I almost turn and reach it—but then it’s gone, swallowed by the fluorescent hum, leaving nothing behind. My fingers tighten around the edge of the shopping basket, the plastic pressing into my palm, grounding me in a place that still does not quite fit.
The supermarket is big and clean— almost too familiar, reminiscent of the Publix back home. Yet, despite the bright, polished aisles, there’s an odd sense of displacement. The products look the same, but the Spanish labels create just enough distance to remind me I’m somewhere else, somewhere I don’t quite belong.
We wander the aisles. I scan the packaging, piecing together meaning as best I can— able to read more than I can speak or understand. My brother moves with ease, picking up local versions of pork rinds, sugar cookies, a guava drink.
The florecitas aren’t where I expect them to be, lost beyond my certainty. I ask a young woman who is stocking the produce aisle. She tilts her head, confused, then shrugs. She’s never heard of them. Maybe they go by another name.
She calls someone over her store intercom, her voice rising into the blank air of fluorescent light. A response crackles through—the florecitas are in aisle seven.
We head there, weaving through more aisles, past displays of packaged comforts and near-familiarities. When I finally find them, they sit low on the shelf, their orange tins big enough to see yet easy enough to overlook. I lift one, rattling it gently, hoping for a scent—but nothing escapes. Still solid in my hands, their presence here is proof: they exist beyond memory.
For a moment, I debated taking two tins, wondering if they might be seized on the cruise ship the next day. But they should be safe if they are unopened and in their original packaging. Still, my luggage wouldn’t hold two, and the thought of losing them before I could eat them on the open water kept me from taking the risk.
At the checkout, I pick up pastries for my wife. Guava is a safe choice, something familiar amidst the rows of unknown fruit fillings, flavors popular here but nowhere in my personal history.

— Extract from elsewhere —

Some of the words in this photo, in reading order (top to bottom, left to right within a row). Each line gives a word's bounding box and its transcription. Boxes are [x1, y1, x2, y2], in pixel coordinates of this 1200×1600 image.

My brother says he wants to treat us, pulling out his ATM card—his Social Security disability account, which I oversee as his representative payee. The cashier, a short, older woman with the quiet authority of someone who has worked here her whole life, scans the items efficiently, without pause.

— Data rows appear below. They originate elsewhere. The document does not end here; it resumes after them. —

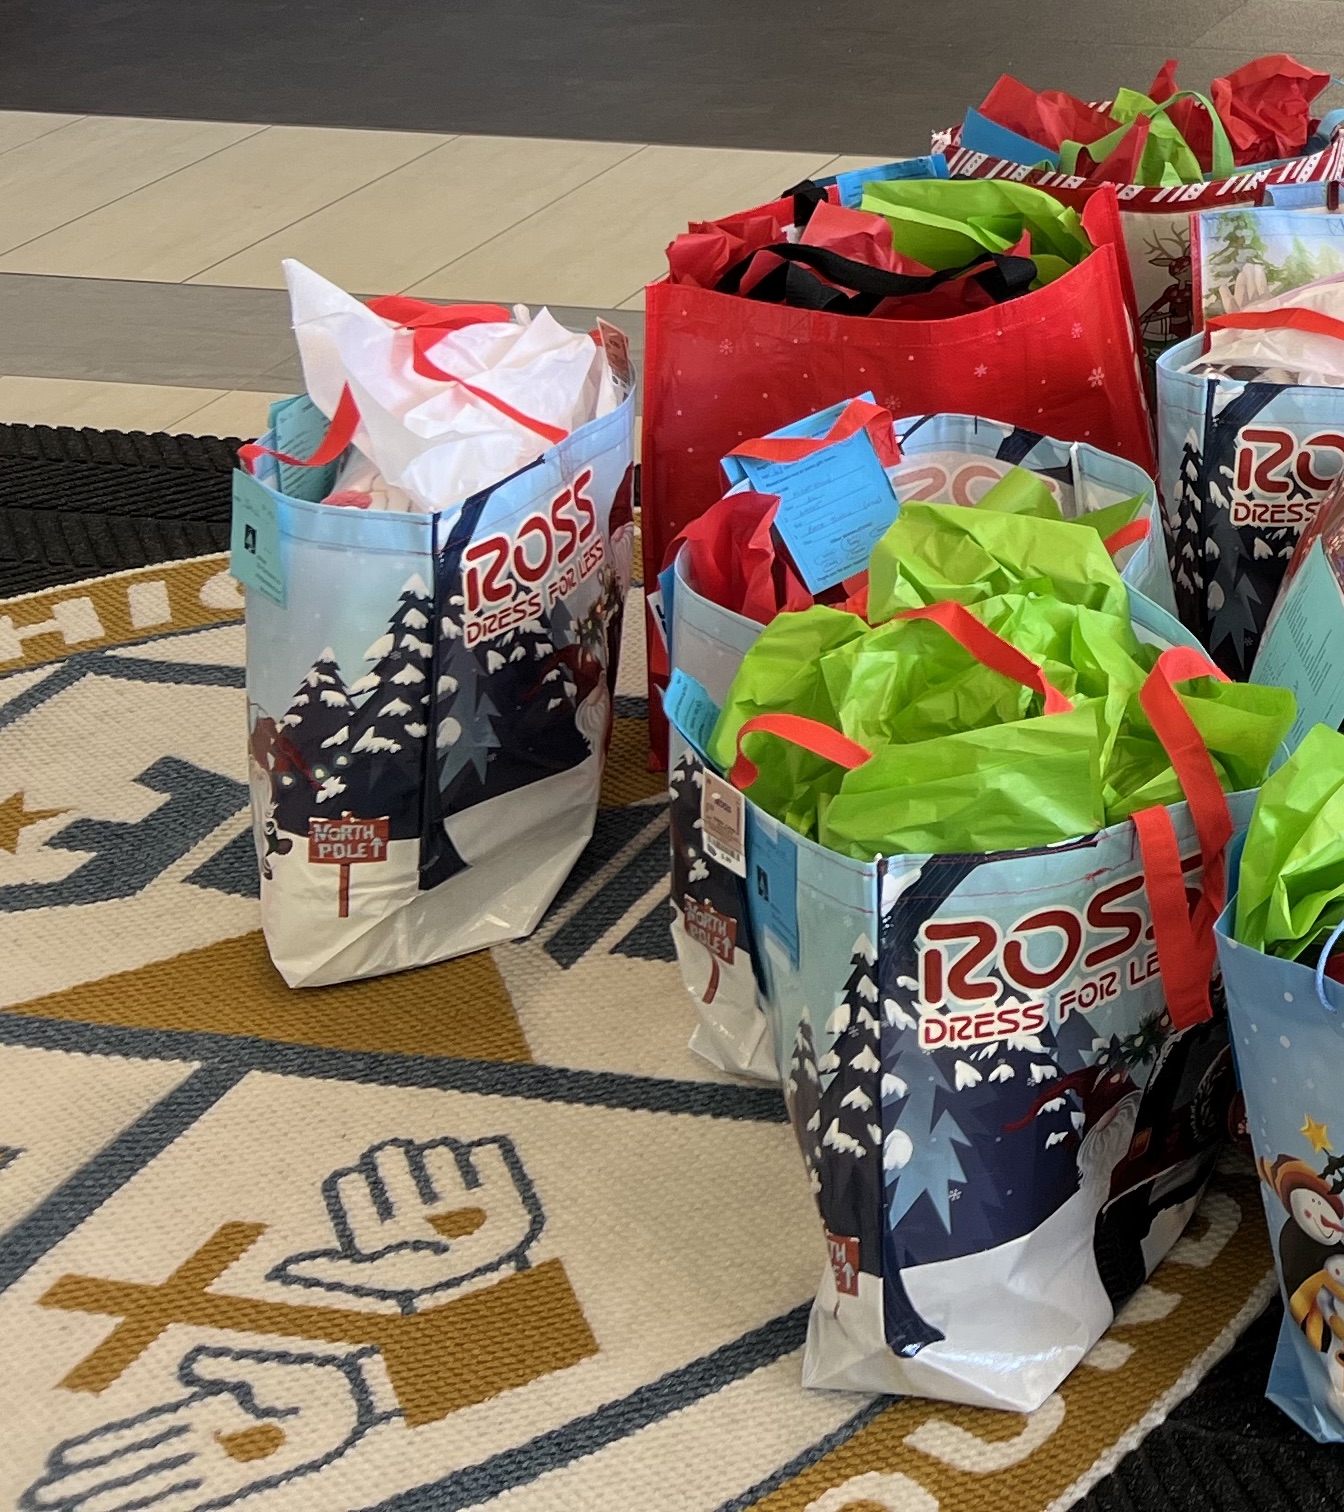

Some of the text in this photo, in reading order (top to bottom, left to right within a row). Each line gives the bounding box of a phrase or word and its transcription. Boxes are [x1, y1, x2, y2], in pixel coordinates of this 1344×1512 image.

[465, 468, 597, 613] ROSS
[466, 537, 605, 645] DRESS FOR LESS
[313, 822, 376, 844] NORTH
[318, 840, 367, 860] POLE
[924, 854, 1204, 1004] ROS
[924, 951, 1161, 1044] DRESS FOR LE

I punch in the PIN—numbers for Richard Petty and Jeff Gordon, my brother’s favorite racers. Declined. I tried again, but this time, his birthday was declined.

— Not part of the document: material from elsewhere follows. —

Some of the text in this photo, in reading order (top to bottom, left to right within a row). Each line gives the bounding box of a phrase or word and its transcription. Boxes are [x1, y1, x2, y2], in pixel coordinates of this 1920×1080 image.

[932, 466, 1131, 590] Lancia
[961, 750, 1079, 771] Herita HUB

The cashier exhales, mimicking how to slide the card through the reader. The line behind us grows restless, shifting in collective impatience. I asked if I could switch to credit, but I can’t back out of the transaction.
My brother watches, unbothered, chewing the edge of his thumbnail, waiting for me to solve the problem like I always do. I take out my special Amex—a business card with upper-level privileges—but the cashier isn’t impressed. The line thickens, voices rising slightly in volume, a growing murmur of frustration, disinterest, and waiting.
I swipe. It goes through like it always does.
The tension dissolves as the receipt prints, the final proof of purchase—a transaction completed, a process endured, a place navigated but never truly entered.
We step outside, my brother carrying the bag. The streets are more familiar now, and the walk back is half as long. I want nothing more than to return to the hotel, hand my wife the pastries, and wash away the grime and quiet shame in the shower. To rest, let exhaustion overtake frustration, and turn my focus forward—toward the cruise, toward the day at sea where I could eat the florecitas without hesitation, without misplaced expectation.
As we move through the streets, Condado feels smaller. Not because I understand it better but because I no longer need to.